Content starts
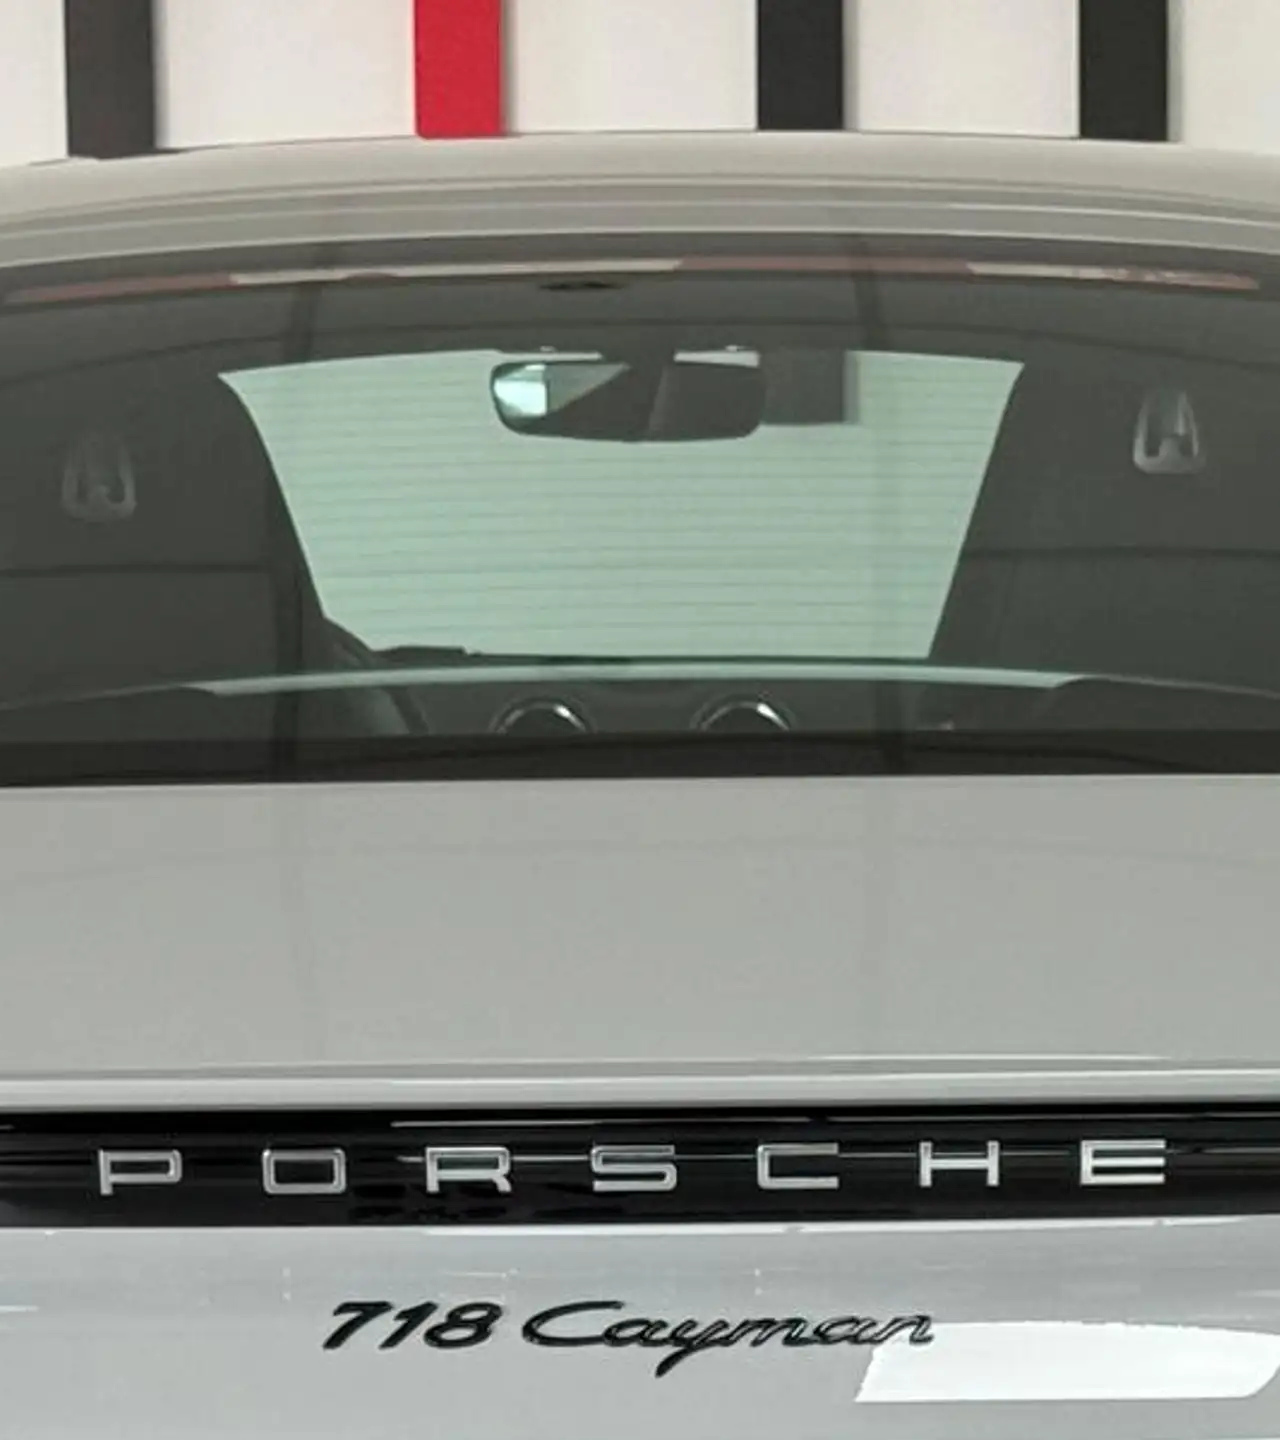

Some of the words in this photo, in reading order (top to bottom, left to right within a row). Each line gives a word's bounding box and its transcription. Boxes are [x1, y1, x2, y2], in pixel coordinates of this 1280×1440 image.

[98, 1138, 1168, 1196] PORSCHE
[323, 1303, 503, 1350] 718
[522, 1302, 934, 1378] Cayman
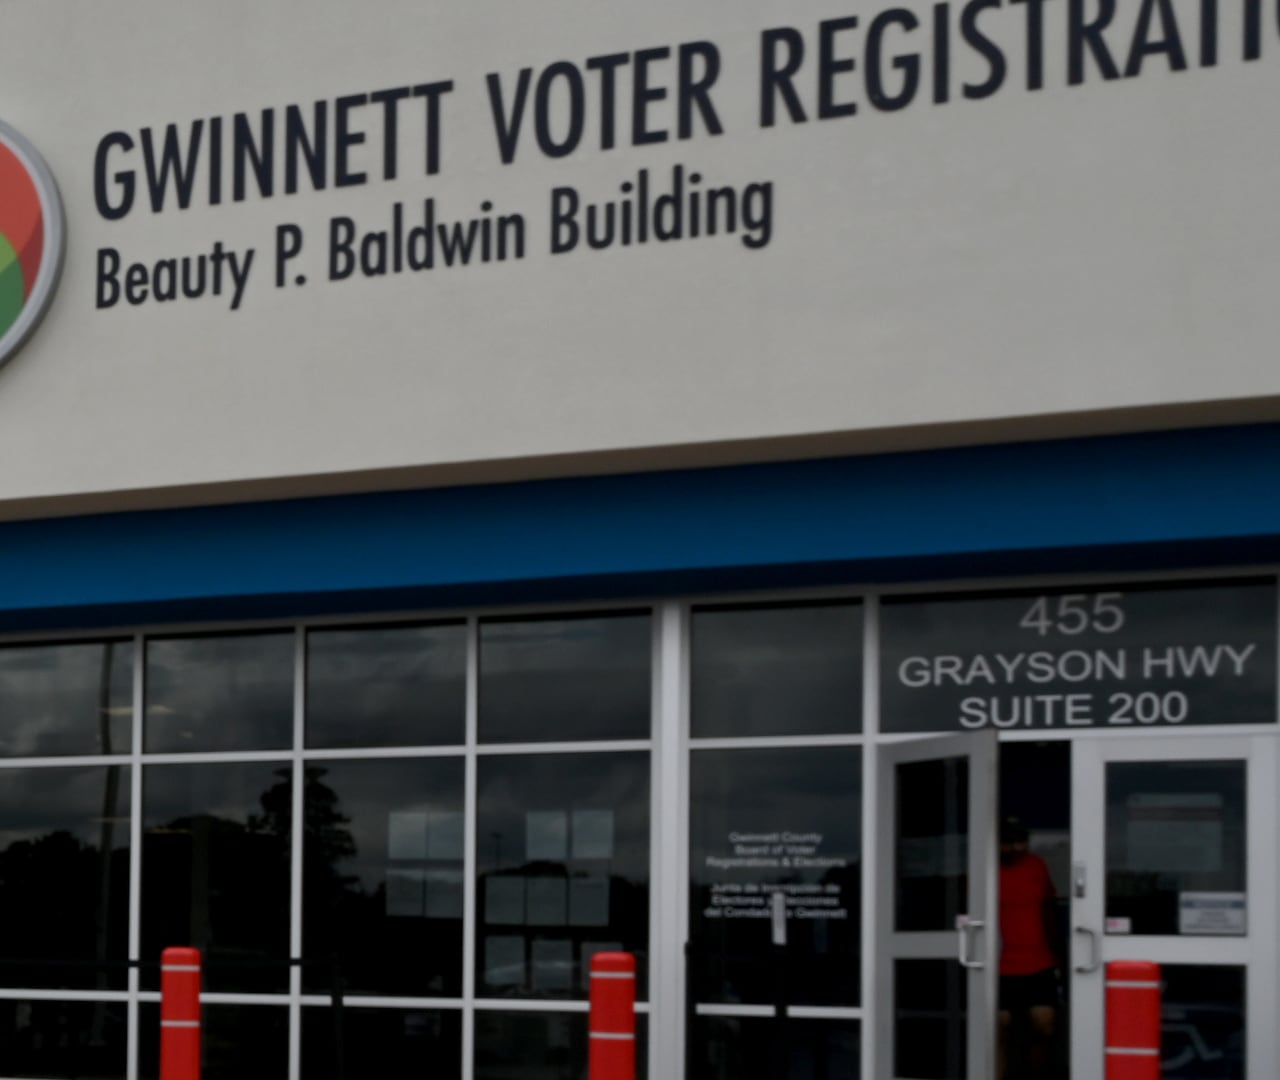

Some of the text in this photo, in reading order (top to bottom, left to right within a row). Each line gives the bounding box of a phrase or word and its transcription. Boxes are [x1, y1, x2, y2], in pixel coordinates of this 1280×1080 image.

[94, 0, 1280, 220] GWINNETT VOTER REGISTRATI
[96, 165, 772, 310] Beauty P. Baldwin Building
[1020, 593, 1125, 636] 455
[898, 643, 1255, 687] GRAYSON HWY
[959, 691, 1188, 728] SUITE 200
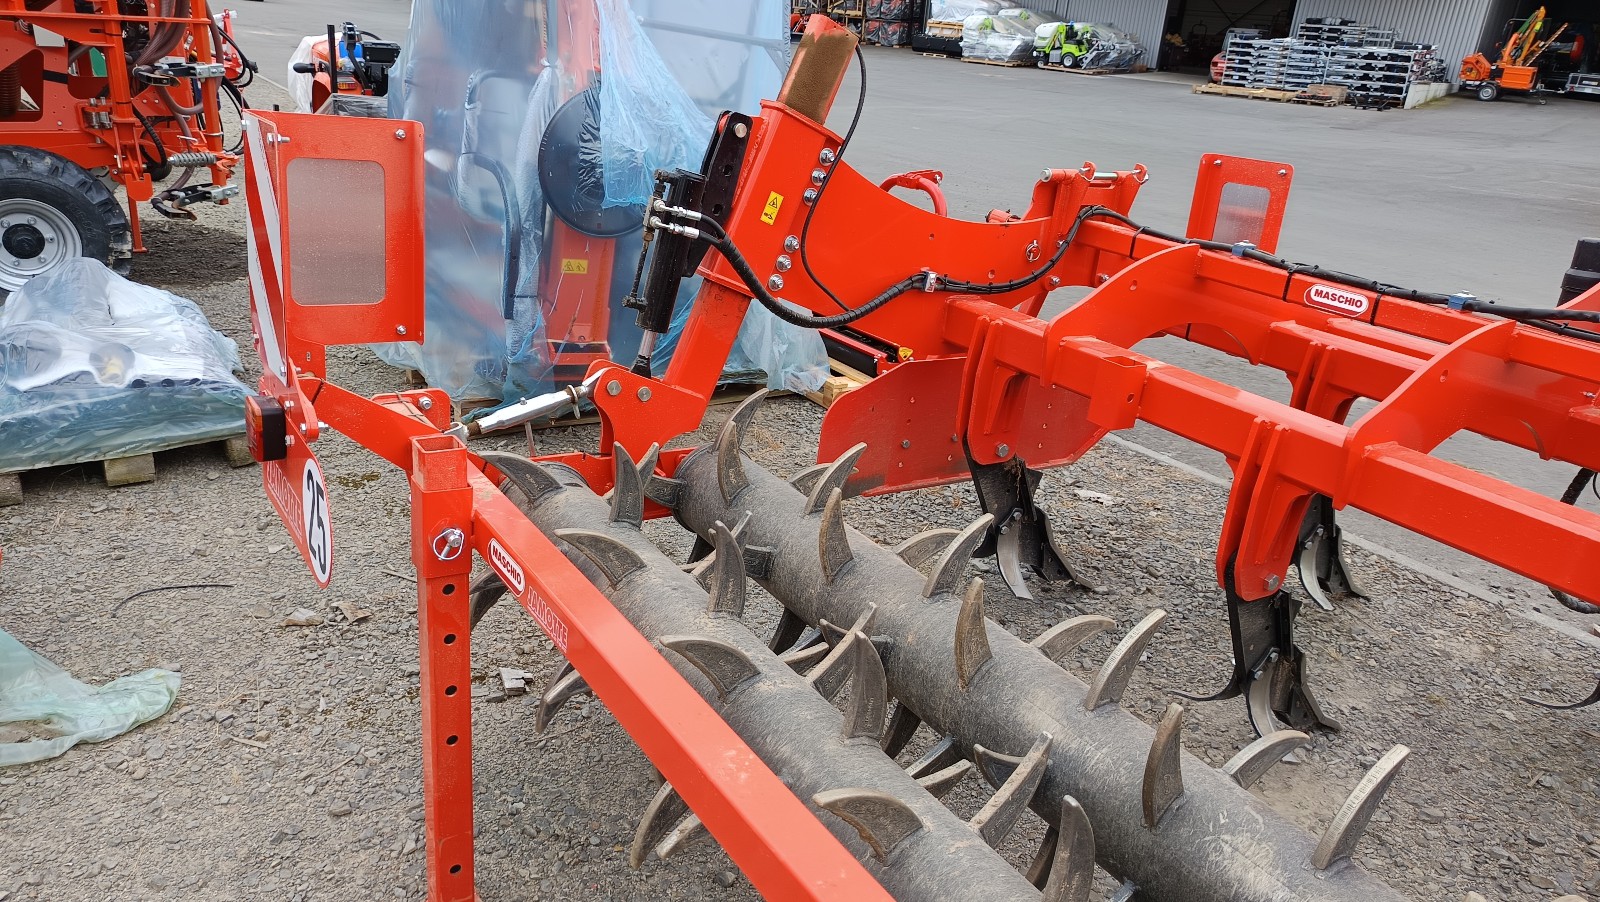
Content ends
• [ACTIVITY]:
Your answer must be an exact copy of the entries above, with no pictures in it.

• [WRITTEN ANSWER]:
Some of the words in this photo, in reading order (top to bottom, left to right within a row). Each line gives a word's bounding box and its transcription. Boxes are [x1, y1, x2, y2], in pixel coordinates of this 1280×1440 image.

[98, 1138, 1168, 1196] PORSCHE
[323, 1303, 503, 1350] 718
[522, 1302, 934, 1378] Cayman

Some of the text in this photo, in reading order (top to bottom, left to right within a row). Each line gives the bounding box of a phrase or word and its transcription. Boxes are [x1, y1, x2, y2], in pixel coordinates of this 1280×1080 image.

[94, 0, 1280, 220] GWINNETT VOTER REGISTRATI
[96, 165, 772, 310] Beauty P. Baldwin Building
[1020, 593, 1125, 636] 455
[898, 643, 1255, 687] GRAYSON HWY
[959, 691, 1188, 728] SUITE 200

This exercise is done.